===== PROVIDED DATA =====

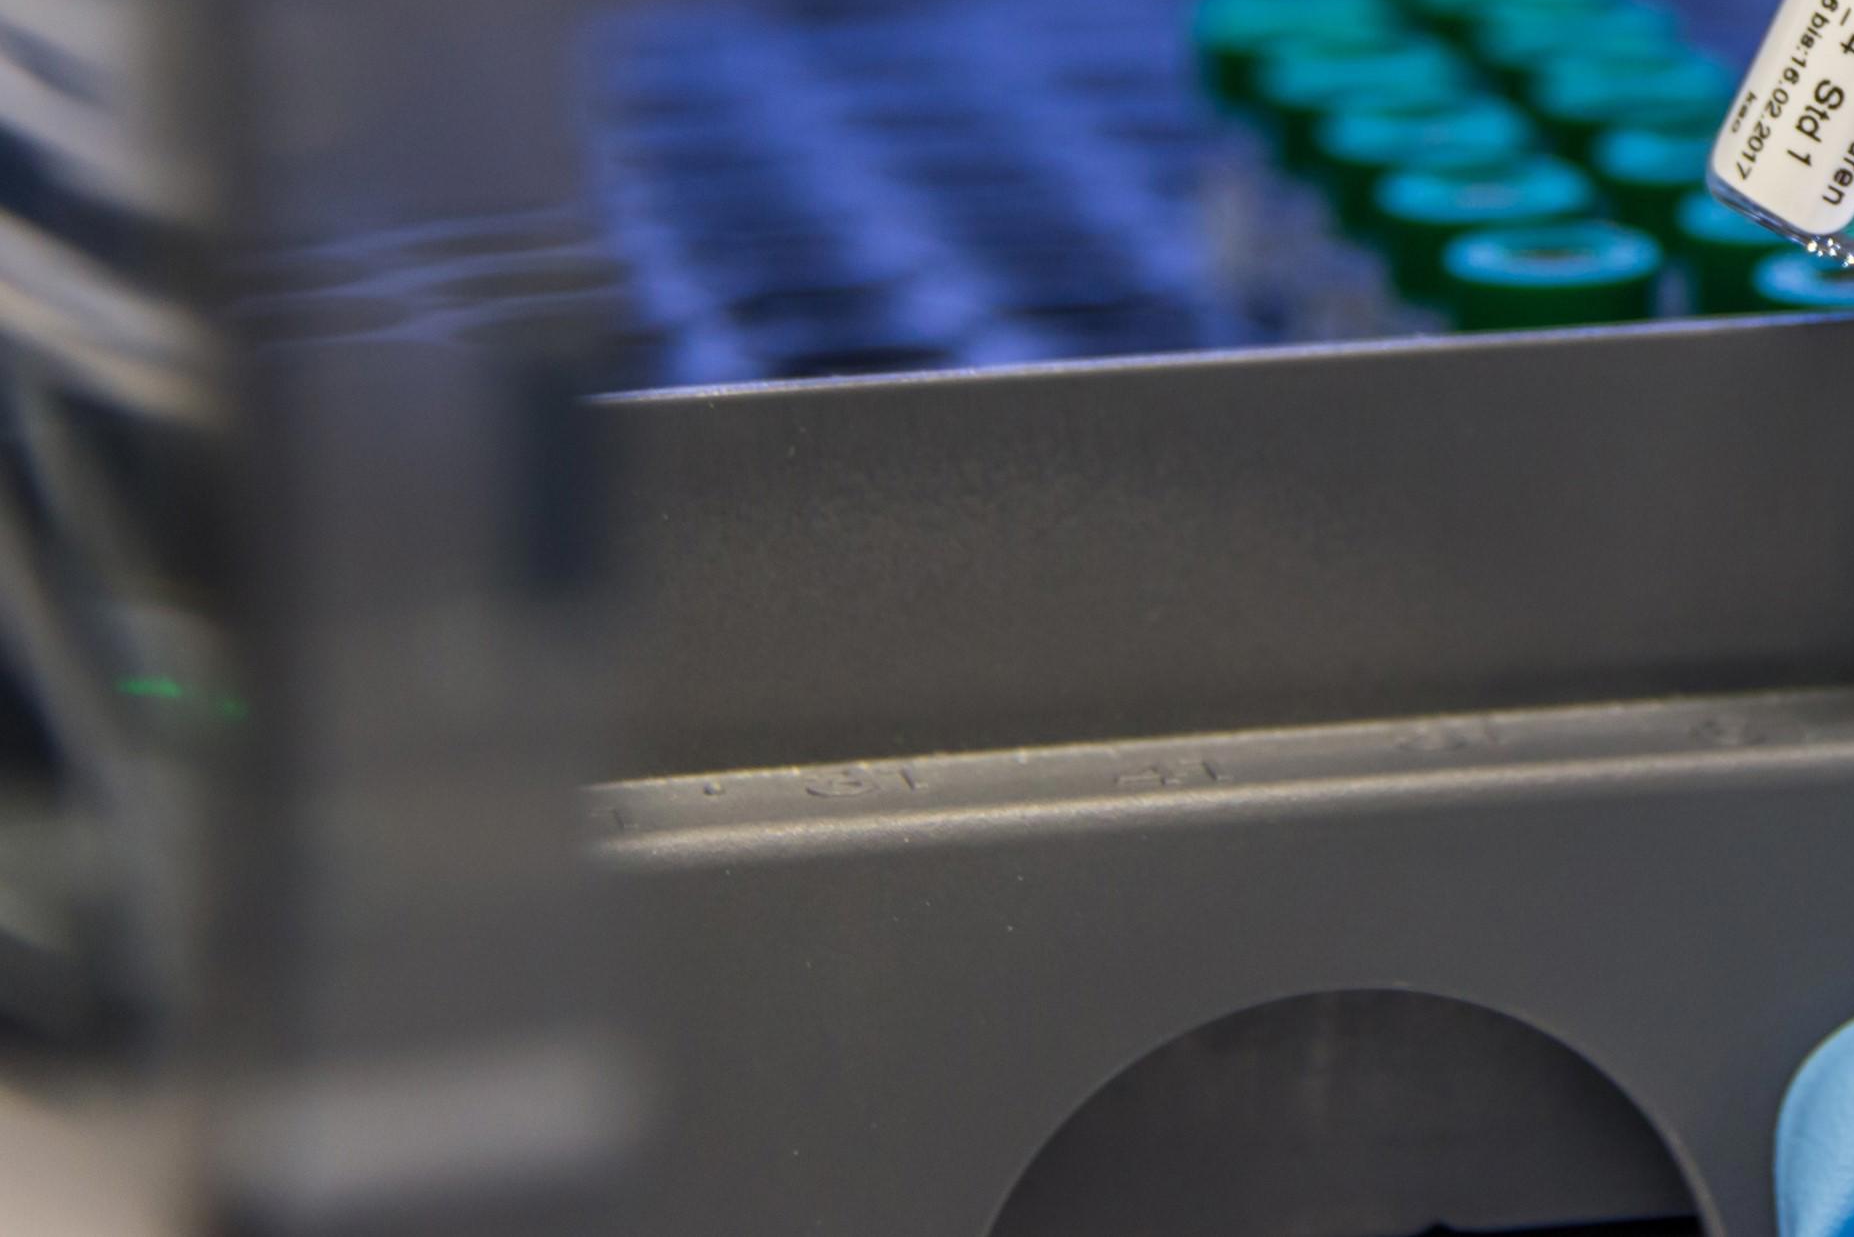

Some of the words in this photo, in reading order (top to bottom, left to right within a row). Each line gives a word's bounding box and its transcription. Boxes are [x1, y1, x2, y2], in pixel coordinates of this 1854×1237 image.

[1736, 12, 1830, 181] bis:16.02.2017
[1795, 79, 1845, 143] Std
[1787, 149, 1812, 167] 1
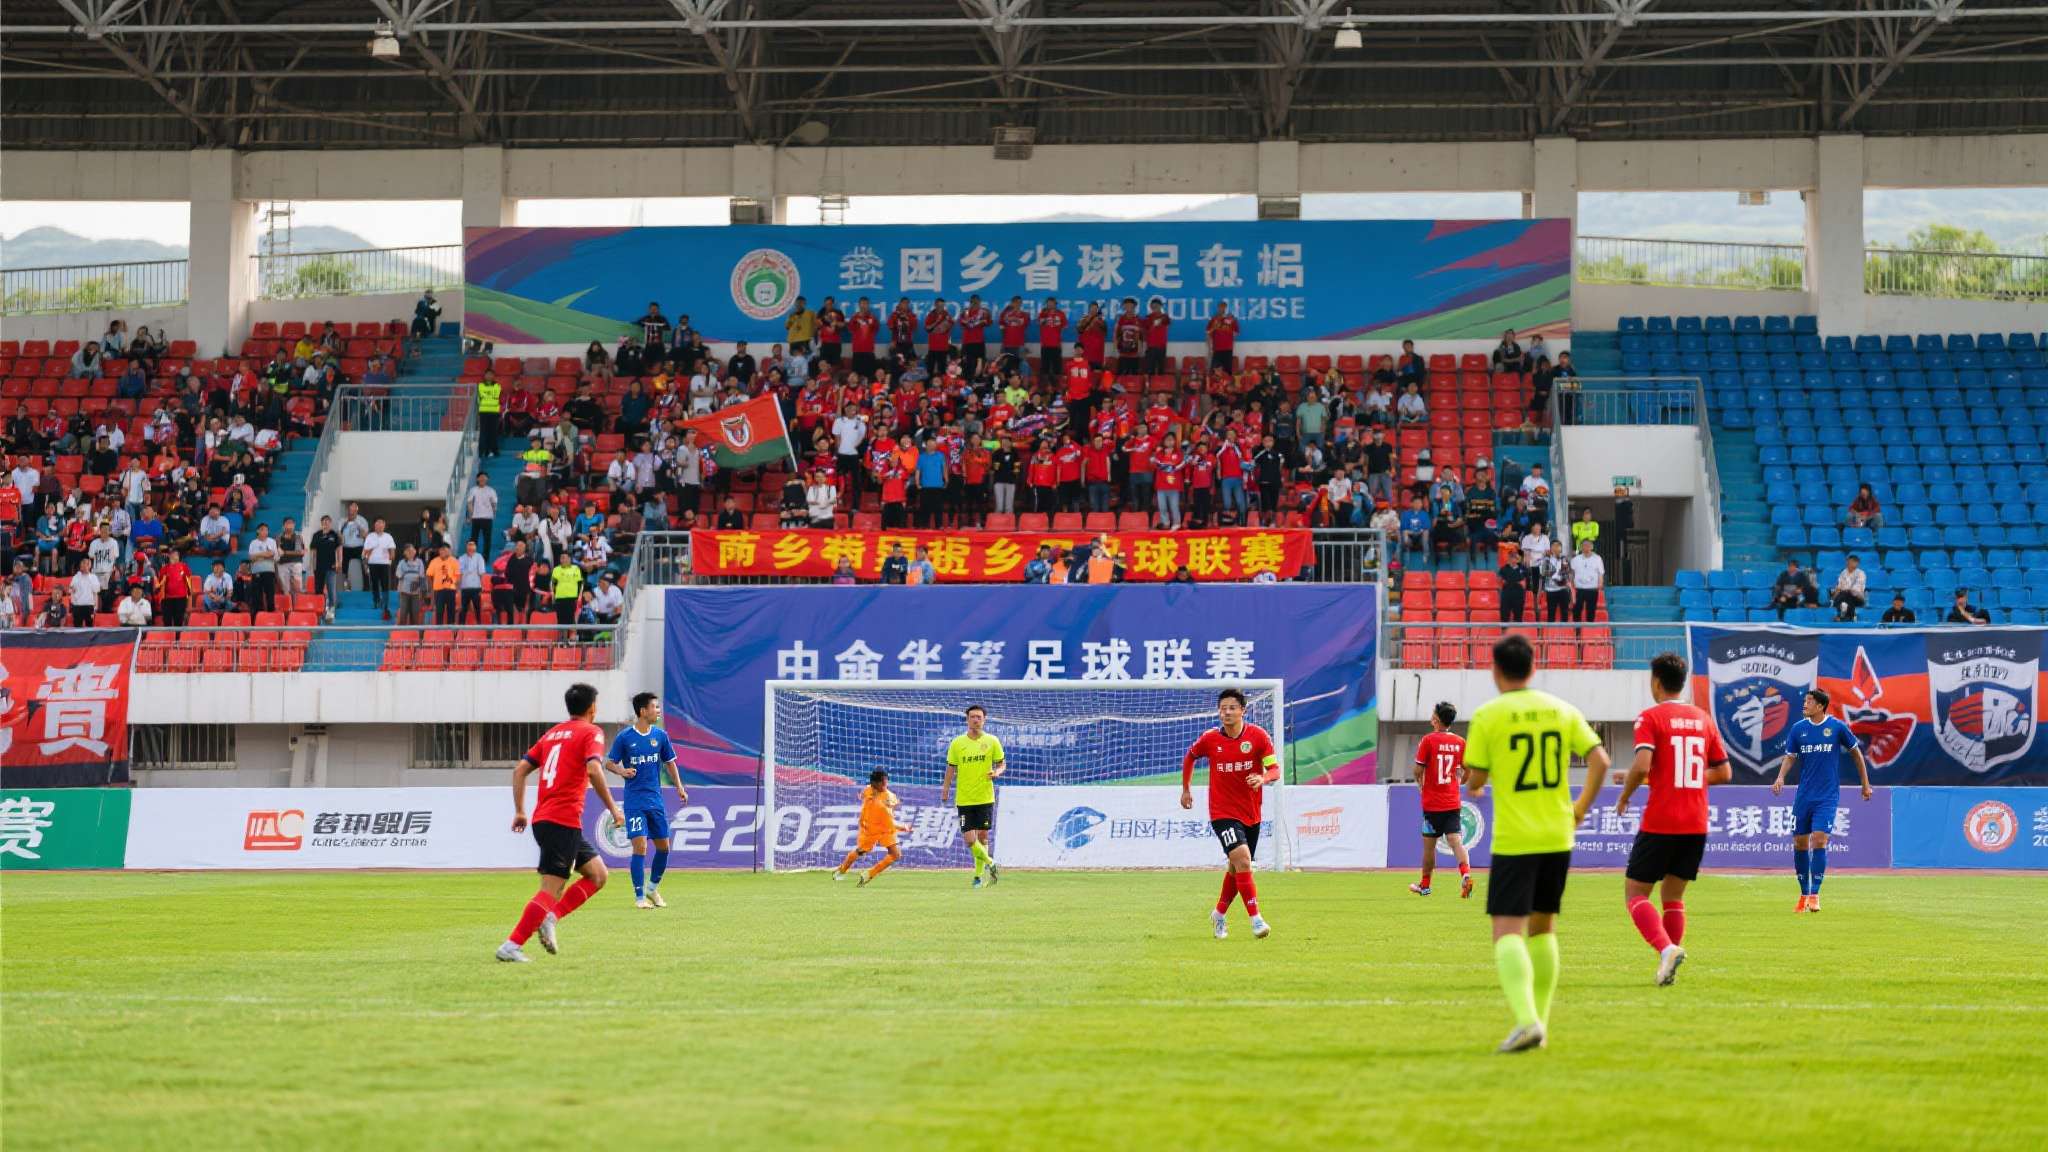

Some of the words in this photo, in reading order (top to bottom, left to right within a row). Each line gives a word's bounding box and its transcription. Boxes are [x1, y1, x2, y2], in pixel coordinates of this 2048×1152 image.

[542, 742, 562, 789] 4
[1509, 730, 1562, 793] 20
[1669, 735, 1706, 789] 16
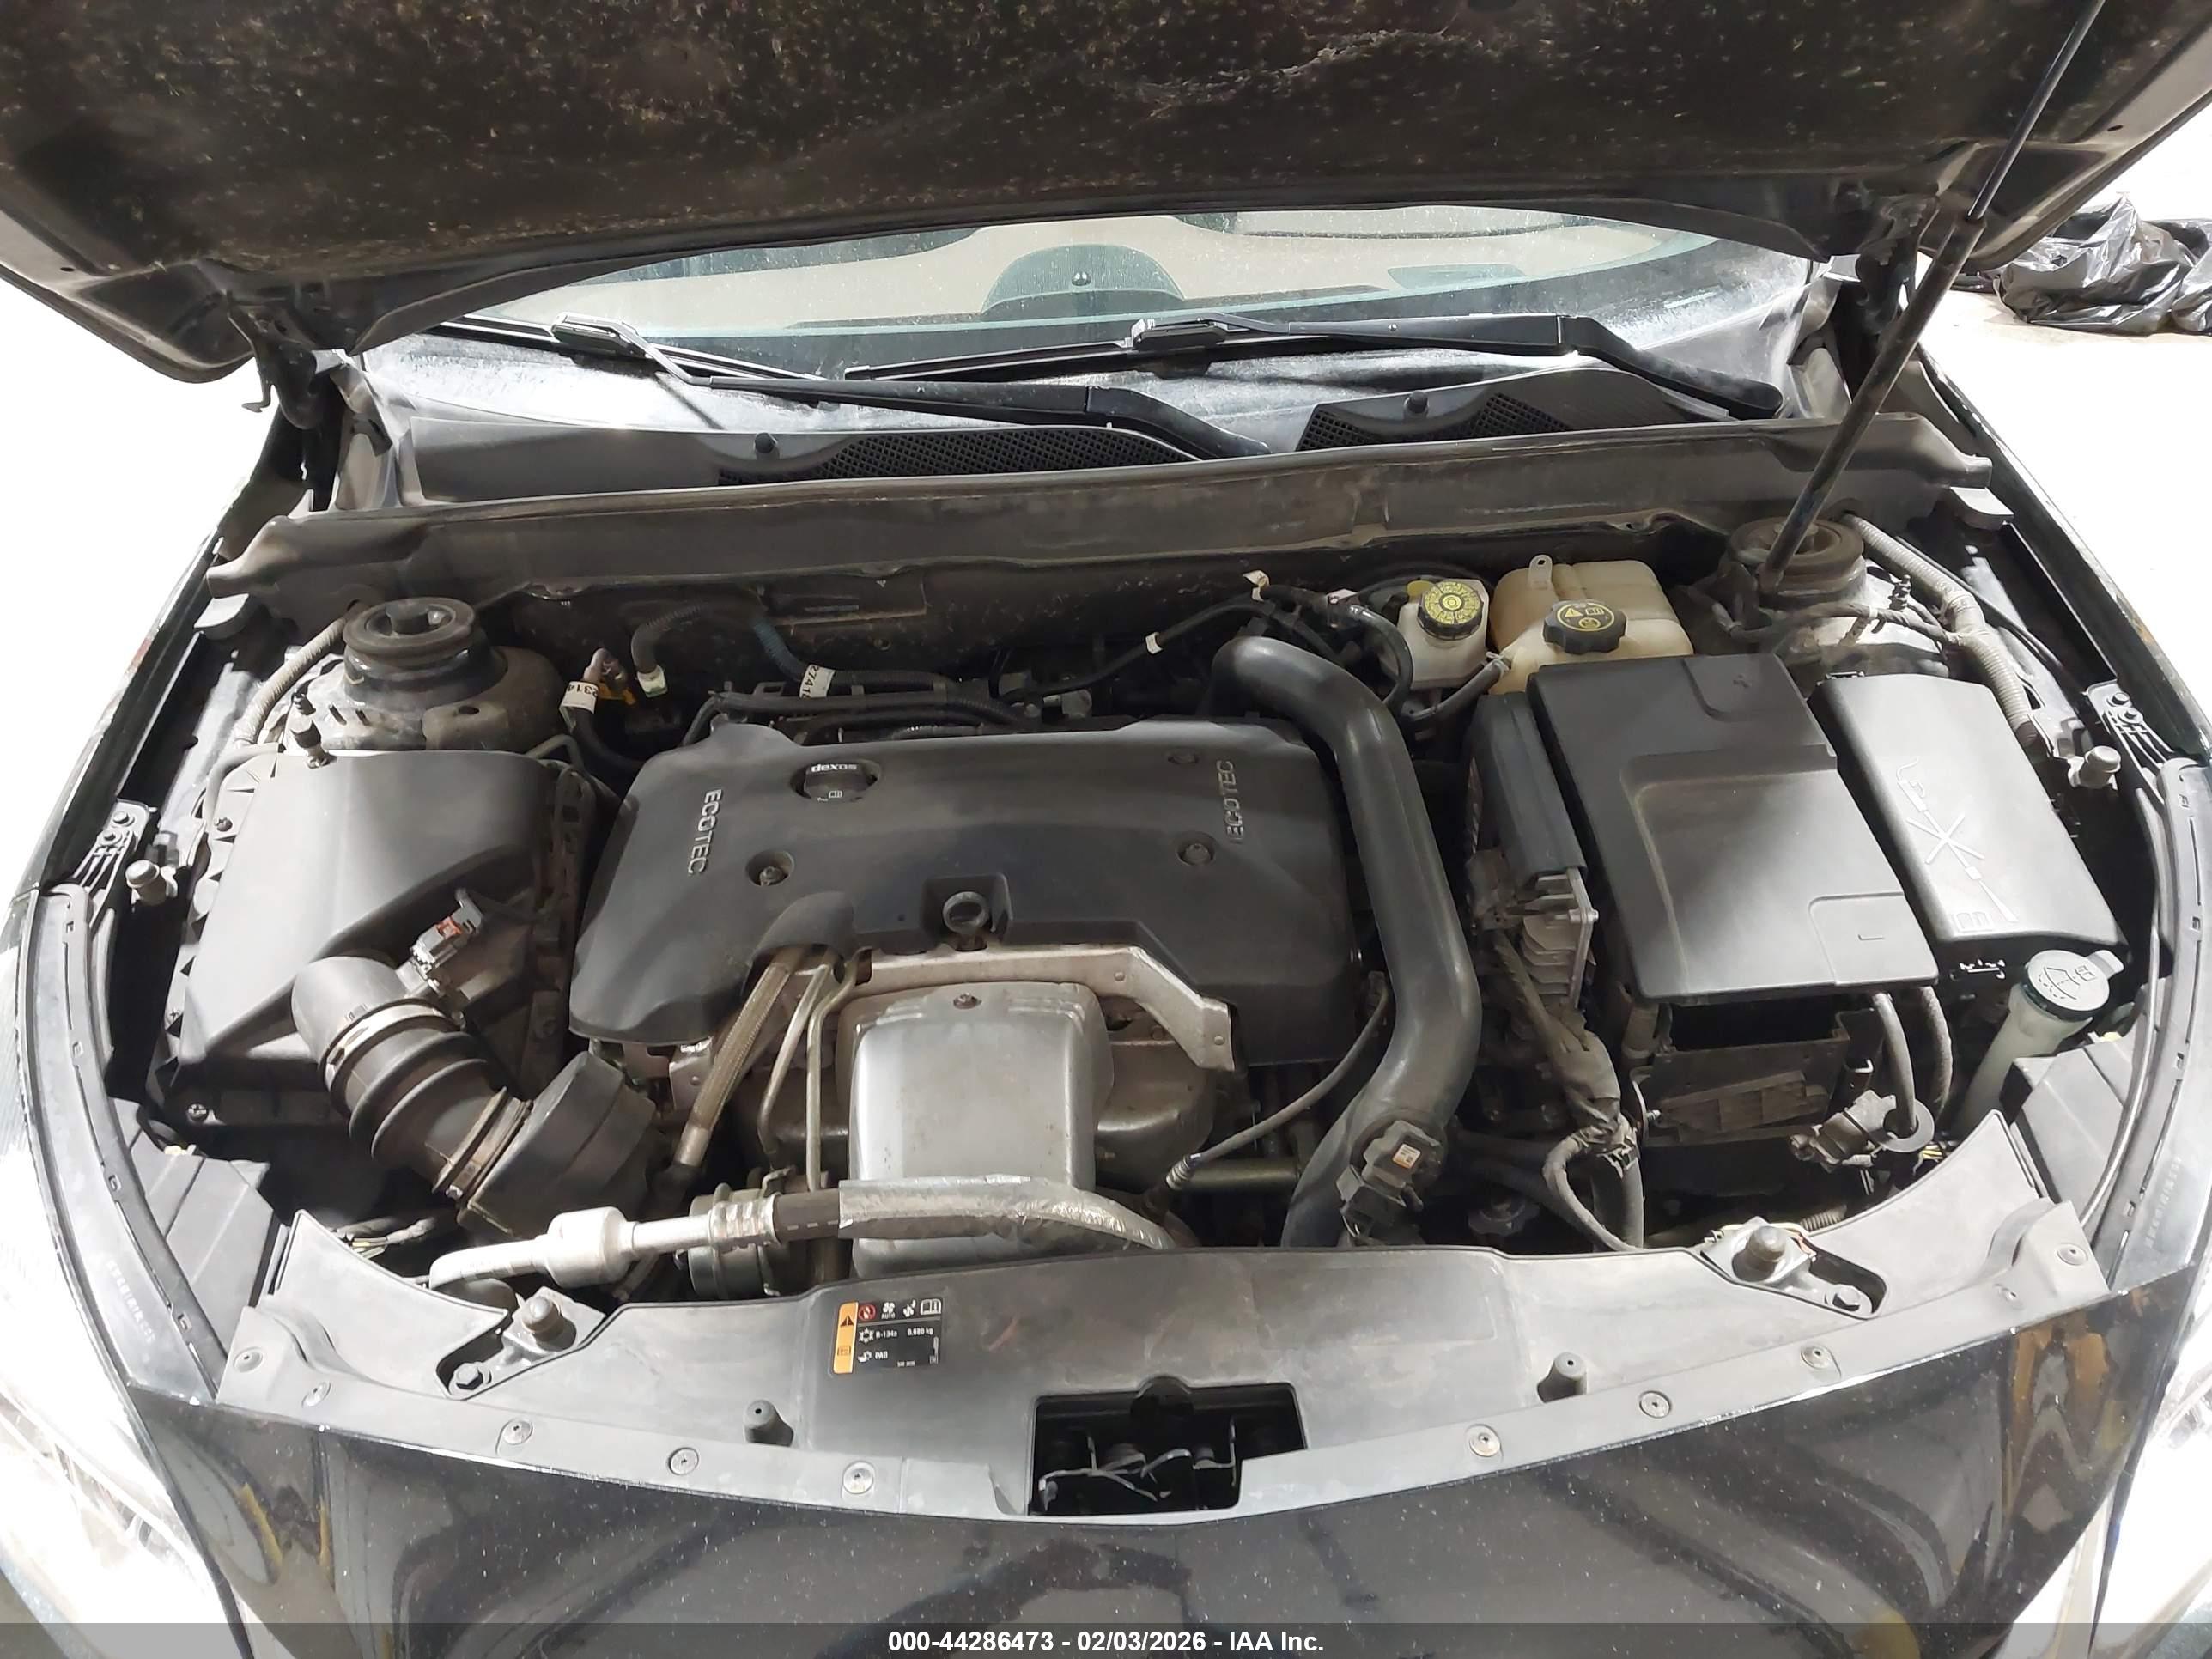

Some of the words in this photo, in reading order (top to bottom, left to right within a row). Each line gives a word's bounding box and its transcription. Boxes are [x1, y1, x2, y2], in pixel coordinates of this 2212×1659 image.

=====

* _TASK GOAL_: Every line in the data above needs to be given again exactly, pictures aside.

* _RESPONSE BELOW_:
Some of the words in this photo, in reading order (top to bottom, left to right within a row). Each line gives a word's bounding box and its transcription. Boxes are [x1, y1, x2, y2], in pixel coordinates of this 1854×1237 image.

[1736, 12, 1830, 181] bis:16.02.2017
[1795, 79, 1845, 143] Std
[1787, 149, 1812, 167] 1

Some of the words in this photo, in reading order (top to bottom, left to right within a row). Each line gives a word's bounding box and its transcription. Boxes are [x1, y1, x2, y2], in pixel coordinates of this 2048×1152 image.

[542, 742, 562, 789] 4
[1509, 730, 1562, 793] 20
[1669, 735, 1706, 789] 16

Some of the words in this photo, in reading order (top to bottom, left to right within a row). Each line gives a word's bounding box and its transcription. Boxes are [x1, y1, x2, y2], in pixel coordinates of this 2212×1659 image.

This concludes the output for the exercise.